Work task>
All of the data should be output character for character, except the pictures.
[Input]
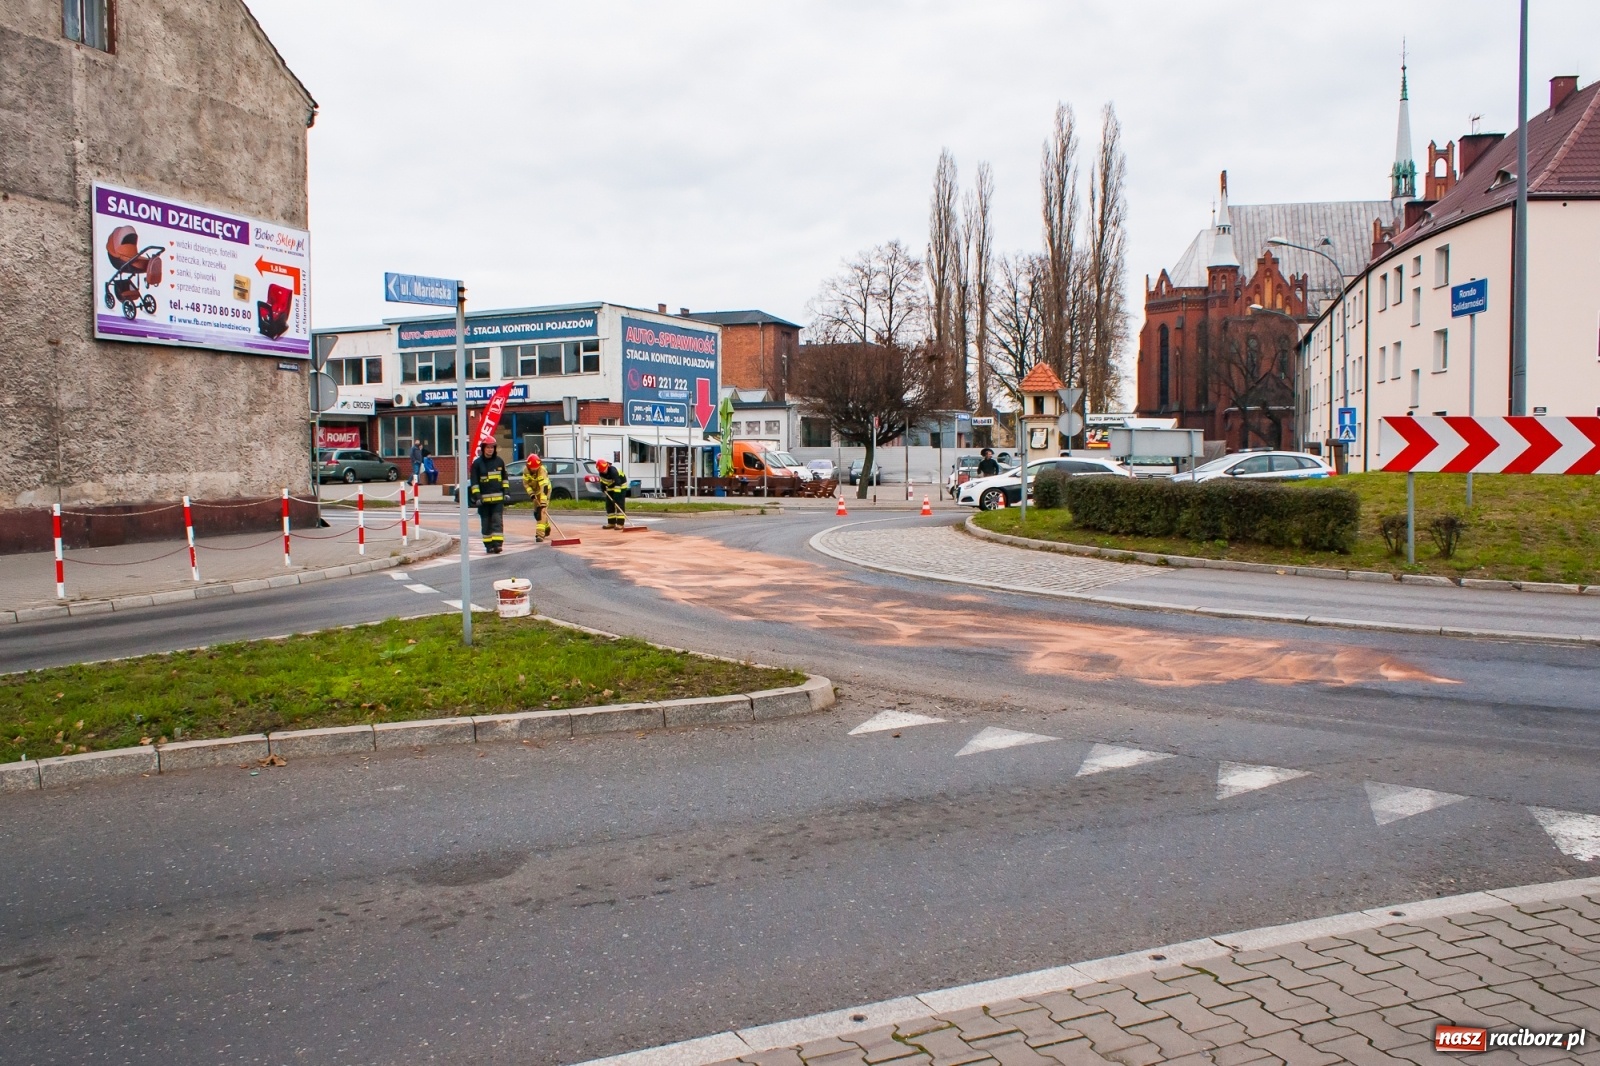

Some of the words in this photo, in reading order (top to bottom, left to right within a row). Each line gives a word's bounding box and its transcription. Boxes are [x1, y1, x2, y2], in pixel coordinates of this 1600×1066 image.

[107, 196, 162, 222] SALON
[168, 209, 241, 240] DZIECIĘCY
[176, 240, 193, 250] wózki
[220, 247, 238, 259] foteliki
[201, 287, 221, 296] ratalna
[401, 280, 411, 296] ul.
[414, 281, 452, 300] Mariańska
[1459, 287, 1477, 299] Rondo
[169, 299, 184, 311] tel.
[185, 302, 200, 313] +48
[202, 303, 217, 315] 730
[219, 306, 229, 317] 80
[231, 308, 240, 318] 50
[242, 310, 252, 320] 80
[1452, 297, 1485, 312] Solidarności
[473, 325, 501, 335] STACJA
[502, 322, 543, 333] KONTROLI
[546, 317, 594, 331] POJAZDÓW
[626, 326, 716, 355] AUTO-SPRAWNOŚĆ
[626, 348, 650, 361] STACJA
[650, 352, 682, 366] KONTROLI
[683, 357, 716, 370] POJAZDÓW
[642, 374, 656, 387] 691
[659, 376, 672, 389] 221
[674, 379, 688, 390] 222
[425, 391, 449, 400] STACJA
[452, 389, 484, 399] KTROLI
[353, 401, 373, 409] CROSSY
[326, 432, 357, 443] ROMET
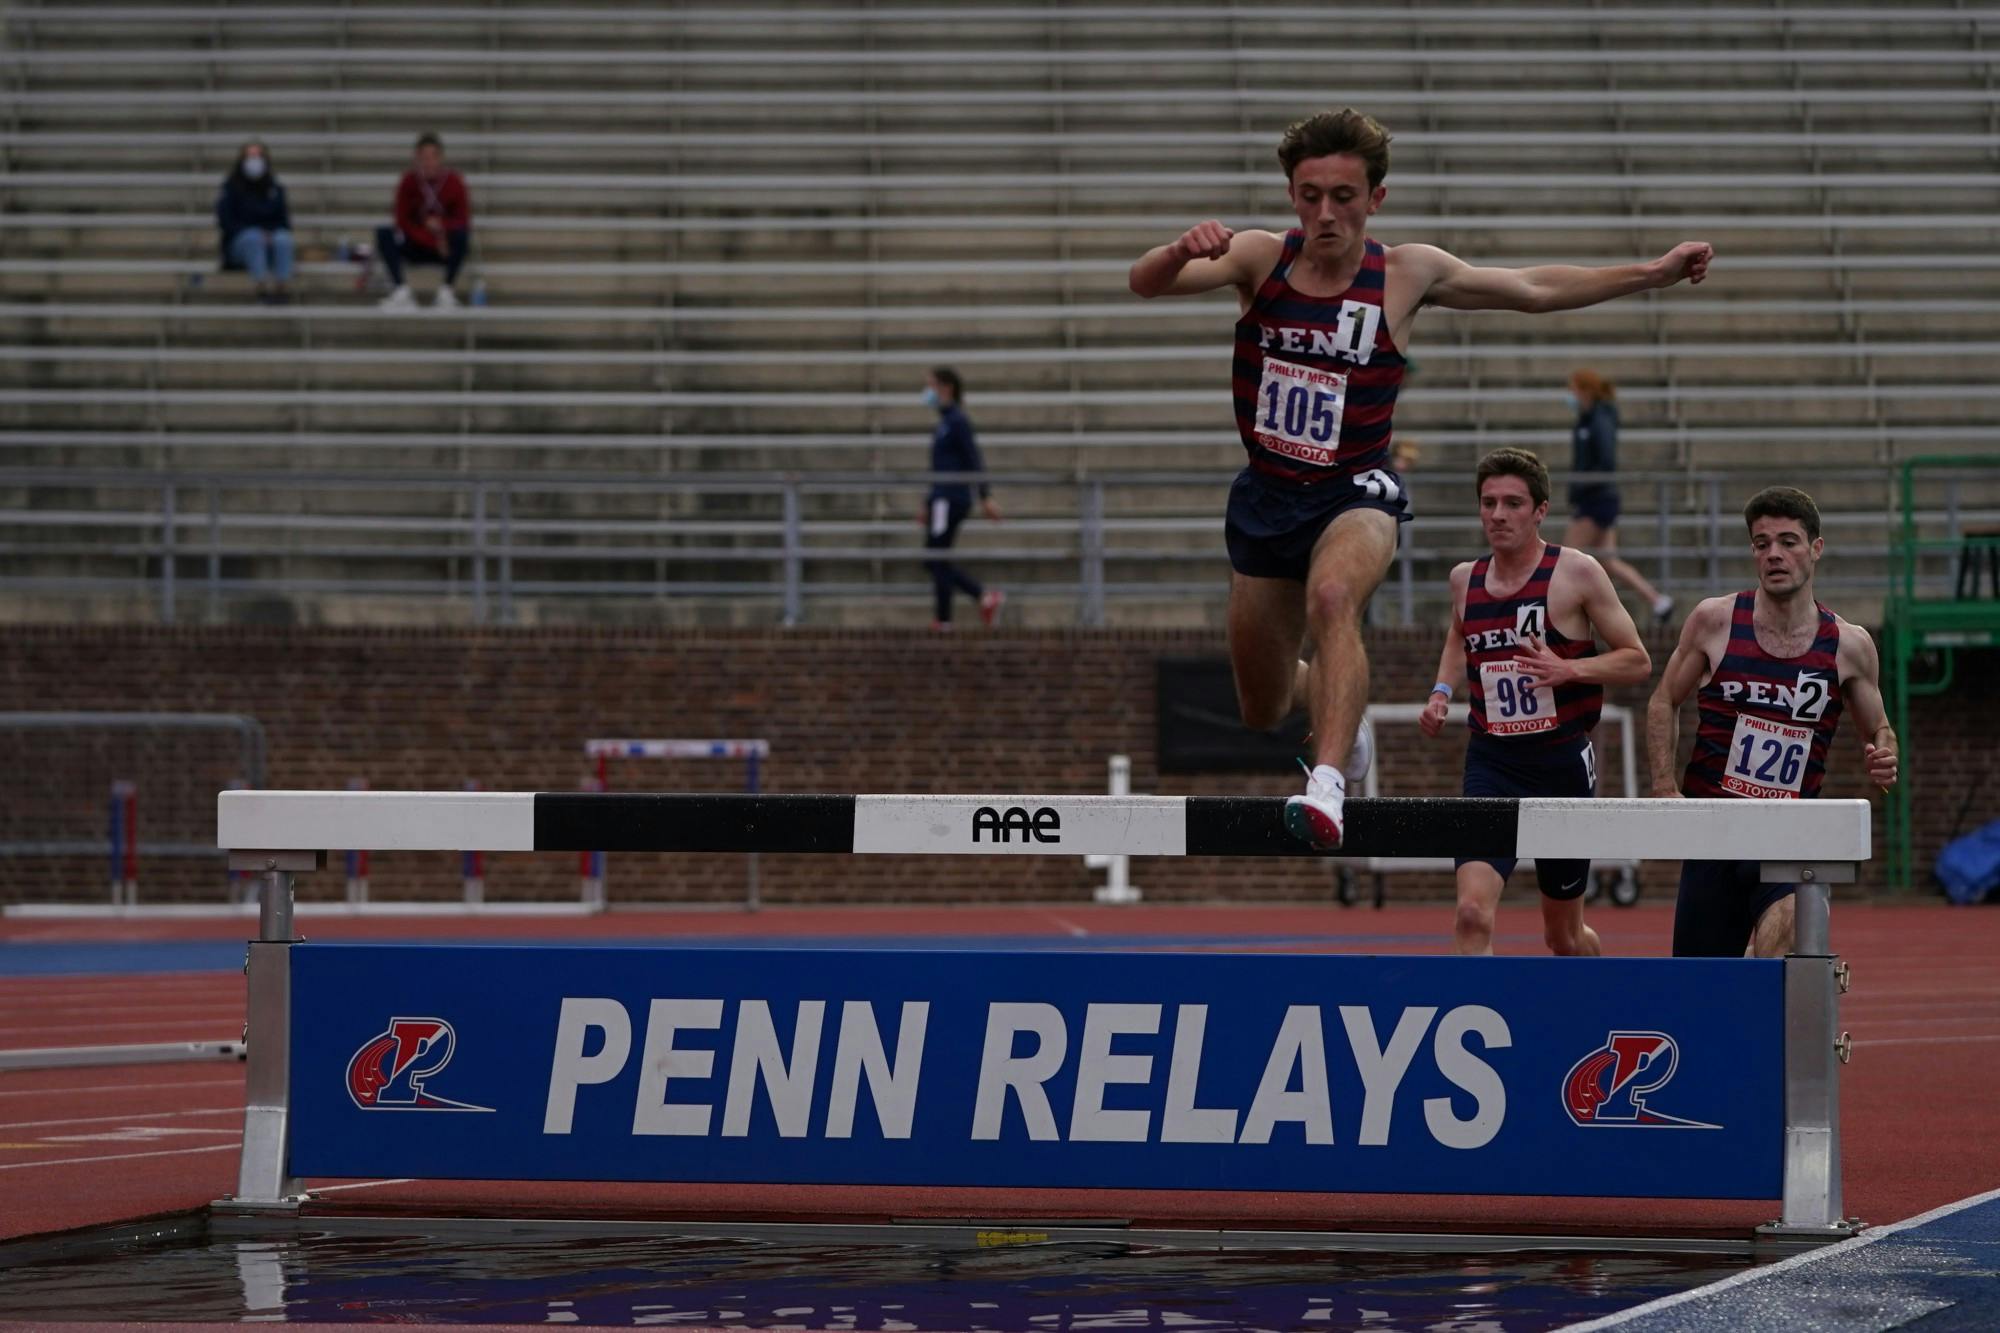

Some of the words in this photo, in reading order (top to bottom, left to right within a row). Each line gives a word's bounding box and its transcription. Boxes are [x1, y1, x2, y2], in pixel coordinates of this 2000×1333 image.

[1347, 306, 1368, 350] 1
[1268, 362, 1305, 380] PHILLY
[1307, 371, 1339, 387] METS
[1263, 381, 1337, 442] 105
[1275, 440, 1330, 462] TOYOTA
[1520, 609, 1540, 638] 4
[1466, 627, 1546, 653] PEN
[1486, 663, 1514, 673] PHILLY
[1496, 676, 1538, 717] 98
[1720, 681, 1832, 709] PEN
[1796, 681, 1823, 719] 2
[1505, 719, 1552, 733] TOYOTA
[1745, 719, 1780, 734] PHILLY
[1782, 727, 1808, 739] METS
[1734, 734, 1804, 785] 126
[1745, 784, 1792, 799] TOYOTA
[543, 997, 930, 1139] PENN
[970, 1002, 1513, 1149] RELAYS
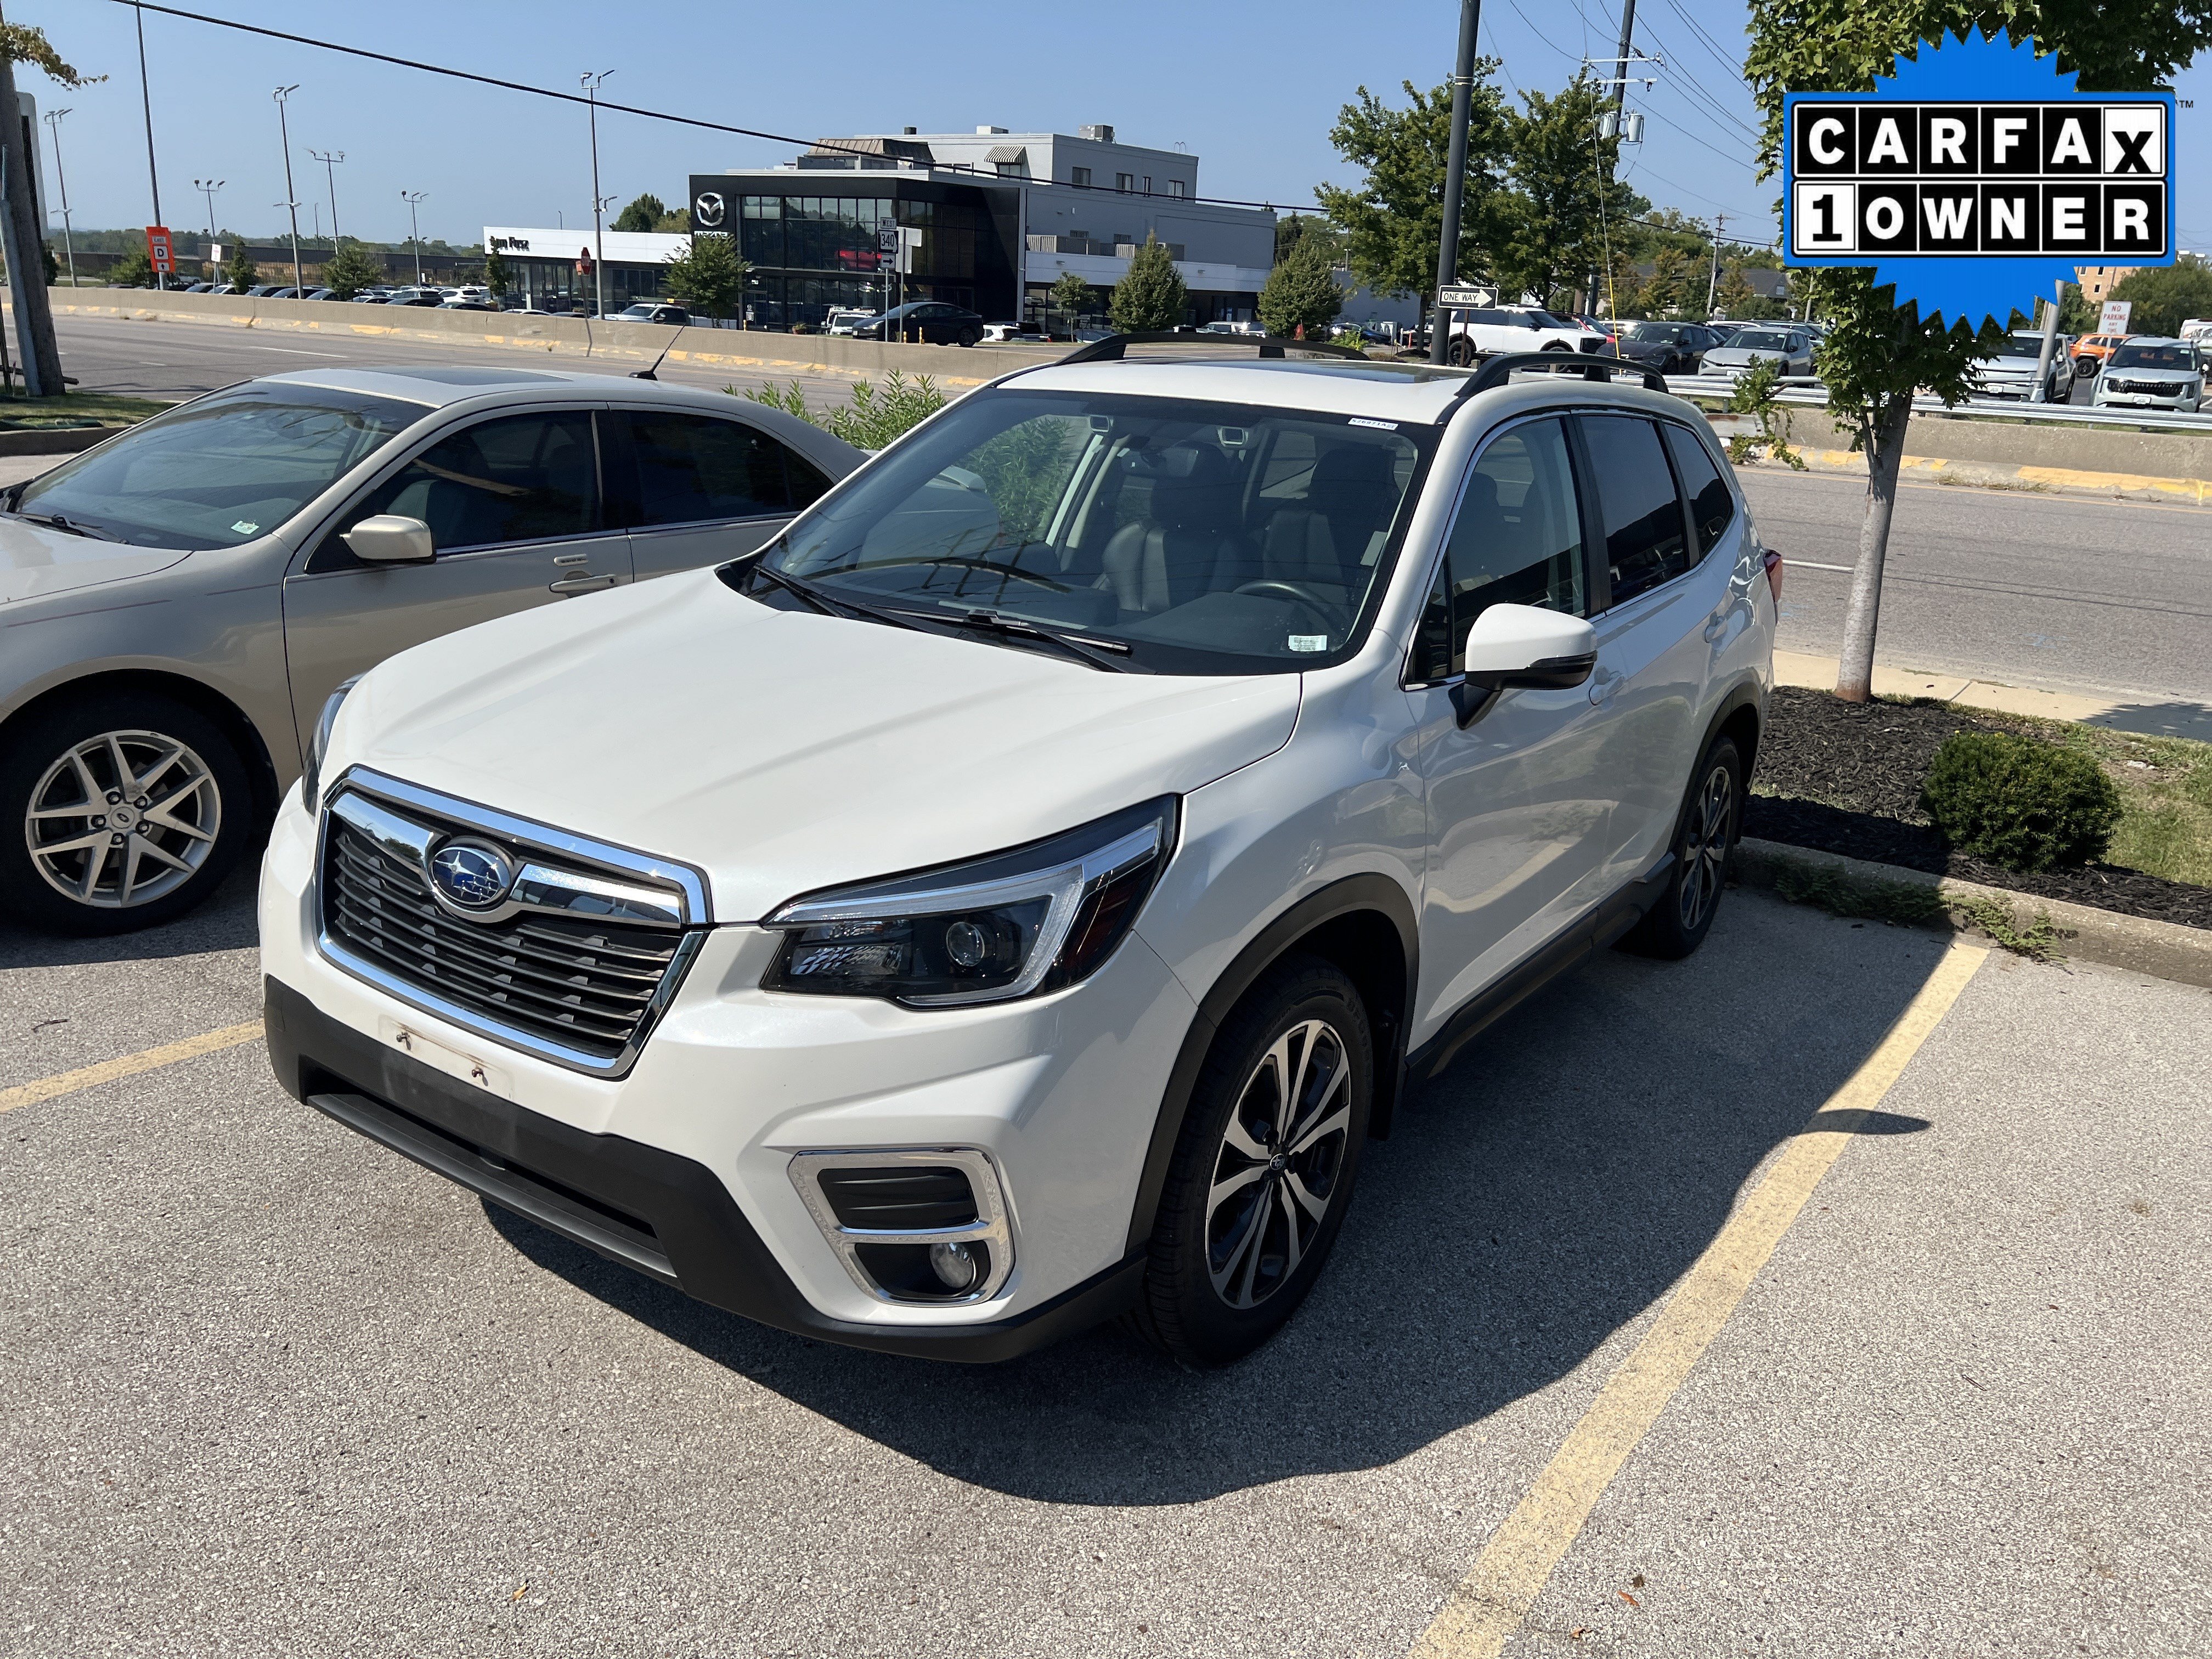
[/Input]
Exercise solution>
Some of the words in this photo, in reading order (top to bottom, left to right within a row). Each line gives a word's bounding box and its transcription. Boxes are [x1, y1, x2, y2], in pixel coordinates of this 1600×1066 image.

[107, 196, 162, 222] SALON
[168, 209, 241, 240] DZIECIĘCY
[176, 240, 193, 250] wózki
[220, 247, 238, 259] foteliki
[201, 287, 221, 296] ratalna
[401, 280, 411, 296] ul.
[414, 281, 452, 300] Mariańska
[1459, 287, 1477, 299] Rondo
[169, 299, 184, 311] tel.
[185, 302, 200, 313] +48
[202, 303, 217, 315] 730
[219, 306, 229, 317] 80
[231, 308, 240, 318] 50
[242, 310, 252, 320] 80
[1452, 297, 1485, 312] Solidarności
[473, 325, 501, 335] STACJA
[502, 322, 543, 333] KONTROLI
[546, 317, 594, 331] POJAZDÓW
[626, 326, 716, 355] AUTO-SPRAWNOŚĆ
[626, 348, 650, 361] STACJA
[650, 352, 682, 366] KONTROLI
[683, 357, 716, 370] POJAZDÓW
[642, 374, 656, 387] 691
[659, 376, 672, 389] 221
[674, 379, 688, 390] 222
[425, 391, 449, 400] STACJA
[452, 389, 484, 399] KTROLI
[353, 401, 373, 409] CROSSY
[326, 432, 357, 443] ROMET

Some of the words in this photo, in reading order (top to bottom, left to right within a row). Each line gives a word's bounding box and its transcription. Boxes are [x1, y1, x2, y2], in pixel coordinates of this 2000×1333 image.

[1347, 306, 1368, 350] 1
[1268, 362, 1305, 380] PHILLY
[1307, 371, 1339, 387] METS
[1263, 381, 1337, 442] 105
[1275, 440, 1330, 462] TOYOTA
[1520, 609, 1540, 638] 4
[1466, 627, 1546, 653] PEN
[1486, 663, 1514, 673] PHILLY
[1496, 676, 1538, 717] 98
[1720, 681, 1832, 709] PEN
[1796, 681, 1823, 719] 2
[1505, 719, 1552, 733] TOYOTA
[1745, 719, 1780, 734] PHILLY
[1782, 727, 1808, 739] METS
[1734, 734, 1804, 785] 126
[1745, 784, 1792, 799] TOYOTA
[543, 997, 930, 1139] PENN
[970, 1002, 1513, 1149] RELAYS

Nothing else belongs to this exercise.